§ WORK TO COMPLETE
Each line below should be restated word for word.

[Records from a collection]
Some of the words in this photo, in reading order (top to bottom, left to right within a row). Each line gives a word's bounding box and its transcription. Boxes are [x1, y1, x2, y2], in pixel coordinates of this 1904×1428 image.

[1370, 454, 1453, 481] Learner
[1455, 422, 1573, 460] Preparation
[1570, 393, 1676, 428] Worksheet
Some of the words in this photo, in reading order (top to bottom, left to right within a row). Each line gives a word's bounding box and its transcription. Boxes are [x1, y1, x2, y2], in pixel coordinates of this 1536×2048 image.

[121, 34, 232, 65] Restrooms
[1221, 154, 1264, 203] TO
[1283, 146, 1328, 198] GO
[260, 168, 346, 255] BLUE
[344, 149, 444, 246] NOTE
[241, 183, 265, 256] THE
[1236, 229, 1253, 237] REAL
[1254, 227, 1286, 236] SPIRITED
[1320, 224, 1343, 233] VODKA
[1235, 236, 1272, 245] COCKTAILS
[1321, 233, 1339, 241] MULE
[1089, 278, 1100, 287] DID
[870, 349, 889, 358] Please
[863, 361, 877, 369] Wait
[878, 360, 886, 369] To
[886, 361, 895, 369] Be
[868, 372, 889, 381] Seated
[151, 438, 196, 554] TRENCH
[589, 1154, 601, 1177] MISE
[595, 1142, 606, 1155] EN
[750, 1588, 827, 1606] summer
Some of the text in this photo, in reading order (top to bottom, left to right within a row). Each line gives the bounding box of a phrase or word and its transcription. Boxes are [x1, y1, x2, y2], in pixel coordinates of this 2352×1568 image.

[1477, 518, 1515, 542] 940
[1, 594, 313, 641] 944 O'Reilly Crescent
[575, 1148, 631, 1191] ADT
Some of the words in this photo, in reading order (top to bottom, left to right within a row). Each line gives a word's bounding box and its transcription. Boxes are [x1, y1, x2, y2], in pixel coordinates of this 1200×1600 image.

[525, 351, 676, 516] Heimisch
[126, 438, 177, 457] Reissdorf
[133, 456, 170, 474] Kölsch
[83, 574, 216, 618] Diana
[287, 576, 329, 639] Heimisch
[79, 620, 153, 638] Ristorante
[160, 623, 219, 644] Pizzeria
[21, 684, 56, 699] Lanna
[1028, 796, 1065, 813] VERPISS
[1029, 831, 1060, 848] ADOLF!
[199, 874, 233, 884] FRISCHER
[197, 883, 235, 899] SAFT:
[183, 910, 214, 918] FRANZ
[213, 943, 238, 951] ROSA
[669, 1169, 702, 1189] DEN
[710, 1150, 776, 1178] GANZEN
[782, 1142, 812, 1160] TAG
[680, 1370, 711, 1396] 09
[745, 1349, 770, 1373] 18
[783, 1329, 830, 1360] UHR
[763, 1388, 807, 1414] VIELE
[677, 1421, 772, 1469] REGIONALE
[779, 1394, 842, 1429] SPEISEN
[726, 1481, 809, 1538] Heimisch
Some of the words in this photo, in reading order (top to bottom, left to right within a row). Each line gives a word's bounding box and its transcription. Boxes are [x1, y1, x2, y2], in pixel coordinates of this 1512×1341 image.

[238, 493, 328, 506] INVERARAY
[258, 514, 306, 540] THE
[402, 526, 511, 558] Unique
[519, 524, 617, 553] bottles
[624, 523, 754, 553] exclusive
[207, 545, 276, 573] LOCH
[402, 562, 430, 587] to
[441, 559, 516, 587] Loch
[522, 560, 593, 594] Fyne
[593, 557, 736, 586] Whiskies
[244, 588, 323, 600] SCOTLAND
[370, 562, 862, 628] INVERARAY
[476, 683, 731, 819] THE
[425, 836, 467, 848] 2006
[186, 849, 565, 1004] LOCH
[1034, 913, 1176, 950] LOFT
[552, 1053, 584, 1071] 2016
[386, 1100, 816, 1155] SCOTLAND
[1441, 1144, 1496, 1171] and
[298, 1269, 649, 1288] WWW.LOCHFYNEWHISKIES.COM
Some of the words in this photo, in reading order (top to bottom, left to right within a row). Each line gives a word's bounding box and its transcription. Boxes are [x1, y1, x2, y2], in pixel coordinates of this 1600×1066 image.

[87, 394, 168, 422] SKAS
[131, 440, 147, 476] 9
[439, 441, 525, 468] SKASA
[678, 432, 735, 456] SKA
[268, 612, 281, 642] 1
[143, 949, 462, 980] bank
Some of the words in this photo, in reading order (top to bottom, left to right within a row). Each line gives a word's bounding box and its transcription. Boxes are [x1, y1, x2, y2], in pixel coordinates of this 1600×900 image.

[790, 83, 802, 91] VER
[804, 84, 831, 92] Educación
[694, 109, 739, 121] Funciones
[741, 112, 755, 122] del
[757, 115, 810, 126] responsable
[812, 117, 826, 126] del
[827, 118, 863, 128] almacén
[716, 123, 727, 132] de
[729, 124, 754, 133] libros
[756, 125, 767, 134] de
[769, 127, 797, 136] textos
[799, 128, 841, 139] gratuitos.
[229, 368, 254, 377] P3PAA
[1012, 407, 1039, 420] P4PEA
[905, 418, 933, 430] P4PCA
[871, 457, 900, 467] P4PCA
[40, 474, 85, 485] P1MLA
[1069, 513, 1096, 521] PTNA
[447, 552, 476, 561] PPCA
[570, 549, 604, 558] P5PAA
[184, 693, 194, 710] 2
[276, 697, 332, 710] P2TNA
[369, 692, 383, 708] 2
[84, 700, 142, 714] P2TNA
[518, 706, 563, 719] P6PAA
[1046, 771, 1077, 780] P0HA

§ SOLUTION TO THIS PROBLEM
Some of the words in this photo, in reading order (top to bottom, left to right within a row). Each line gives a word's bounding box and its transcription. Boxes are [x1, y1, x2, y2], in pixel coordinates of this 1904×1428 image.

[1370, 454, 1453, 481] Learner
[1455, 422, 1573, 460] Preparation
[1570, 393, 1676, 428] Worksheet
Some of the words in this photo, in reading order (top to bottom, left to right within a row). Each line gives a word's bounding box and its transcription. Boxes are [x1, y1, x2, y2], in pixel coordinates of this 1536×2048 image.

[121, 34, 232, 65] Restrooms
[1221, 154, 1264, 203] TO
[1283, 146, 1328, 198] GO
[260, 168, 346, 255] BLUE
[344, 149, 444, 246] NOTE
[241, 183, 265, 256] THE
[1236, 229, 1253, 237] REAL
[1254, 227, 1286, 236] SPIRITED
[1320, 224, 1343, 233] VODKA
[1235, 236, 1272, 245] COCKTAILS
[1321, 233, 1339, 241] MULE
[1089, 278, 1100, 287] DID
[870, 349, 889, 358] Please
[863, 361, 877, 369] Wait
[878, 360, 886, 369] To
[886, 361, 895, 369] Be
[868, 372, 889, 381] Seated
[151, 438, 196, 554] TRENCH
[589, 1154, 601, 1177] MISE
[595, 1142, 606, 1155] EN
[750, 1588, 827, 1606] summer
Some of the text in this photo, in reading order (top to bottom, left to right within a row). Each line gives the bounding box of a phrase or word and its transcription. Boxes are [x1, y1, x2, y2], in pixel coordinates of this 2352×1568 image.

[1477, 518, 1515, 542] 940
[1, 594, 313, 641] 944 O'Reilly Crescent
[575, 1148, 631, 1191] ADT
Some of the words in this photo, in reading order (top to bottom, left to right within a row). Each line gives a word's bounding box and its transcription. Boxes are [x1, y1, x2, y2], in pixel coordinates of this 1200×1600 image.

[525, 351, 676, 516] Heimisch
[126, 438, 177, 457] Reissdorf
[133, 456, 170, 474] Kölsch
[83, 574, 216, 618] Diana
[287, 576, 329, 639] Heimisch
[79, 620, 153, 638] Ristorante
[160, 623, 219, 644] Pizzeria
[21, 684, 56, 699] Lanna
[1028, 796, 1065, 813] VERPISS
[1029, 831, 1060, 848] ADOLF!
[199, 874, 233, 884] FRISCHER
[197, 883, 235, 899] SAFT:
[183, 910, 214, 918] FRANZ
[213, 943, 238, 951] ROSA
[669, 1169, 702, 1189] DEN
[710, 1150, 776, 1178] GANZEN
[782, 1142, 812, 1160] TAG
[680, 1370, 711, 1396] 09
[745, 1349, 770, 1373] 18
[783, 1329, 830, 1360] UHR
[763, 1388, 807, 1414] VIELE
[677, 1421, 772, 1469] REGIONALE
[779, 1394, 842, 1429] SPEISEN
[726, 1481, 809, 1538] Heimisch
Some of the words in this photo, in reading order (top to bottom, left to right within a row). Each line gives a word's bounding box and its transcription. Boxes are [x1, y1, x2, y2], in pixel coordinates of this 1512×1341 image.

[238, 493, 328, 506] INVERARAY
[258, 514, 306, 540] THE
[402, 526, 511, 558] Unique
[519, 524, 617, 553] bottles
[624, 523, 754, 553] exclusive
[207, 545, 276, 573] LOCH
[402, 562, 430, 587] to
[441, 559, 516, 587] Loch
[522, 560, 593, 594] Fyne
[593, 557, 736, 586] Whiskies
[244, 588, 323, 600] SCOTLAND
[370, 562, 862, 628] INVERARAY
[476, 683, 731, 819] THE
[425, 836, 467, 848] 2006
[186, 849, 565, 1004] LOCH
[1034, 913, 1176, 950] LOFT
[552, 1053, 584, 1071] 2016
[386, 1100, 816, 1155] SCOTLAND
[1441, 1144, 1496, 1171] and
[298, 1269, 649, 1288] WWW.LOCHFYNEWHISKIES.COM
Some of the words in this photo, in reading order (top to bottom, left to right within a row). Each line gives a word's bounding box and its transcription. Boxes are [x1, y1, x2, y2], in pixel coordinates of this 1600×1066 image.

[87, 394, 168, 422] SKAS
[131, 440, 147, 476] 9
[439, 441, 525, 468] SKASA
[678, 432, 735, 456] SKA
[268, 612, 281, 642] 1
[143, 949, 462, 980] bank
Some of the words in this photo, in reading order (top to bottom, left to right within a row). Each line gives a word's bounding box and its transcription. Boxes are [x1, y1, x2, y2], in pixel coordinates of this 1600×900 image.

[790, 83, 802, 91] VER
[804, 84, 831, 92] Educación
[694, 109, 739, 121] Funciones
[741, 112, 755, 122] del
[757, 115, 810, 126] responsable
[812, 117, 826, 126] del
[827, 118, 863, 128] almacén
[716, 123, 727, 132] de
[729, 124, 754, 133] libros
[756, 125, 767, 134] de
[769, 127, 797, 136] textos
[799, 128, 841, 139] gratuitos.
[229, 368, 254, 377] P3PAA
[1012, 407, 1039, 420] P4PEA
[905, 418, 933, 430] P4PCA
[871, 457, 900, 467] P4PCA
[40, 474, 85, 485] P1MLA
[1069, 513, 1096, 521] PTNA
[447, 552, 476, 561] PPCA
[570, 549, 604, 558] P5PAA
[184, 693, 194, 710] 2
[276, 697, 332, 710] P2TNA
[369, 692, 383, 708] 2
[84, 700, 142, 714] P2TNA
[518, 706, 563, 719] P6PAA
[1046, 771, 1077, 780] P0HA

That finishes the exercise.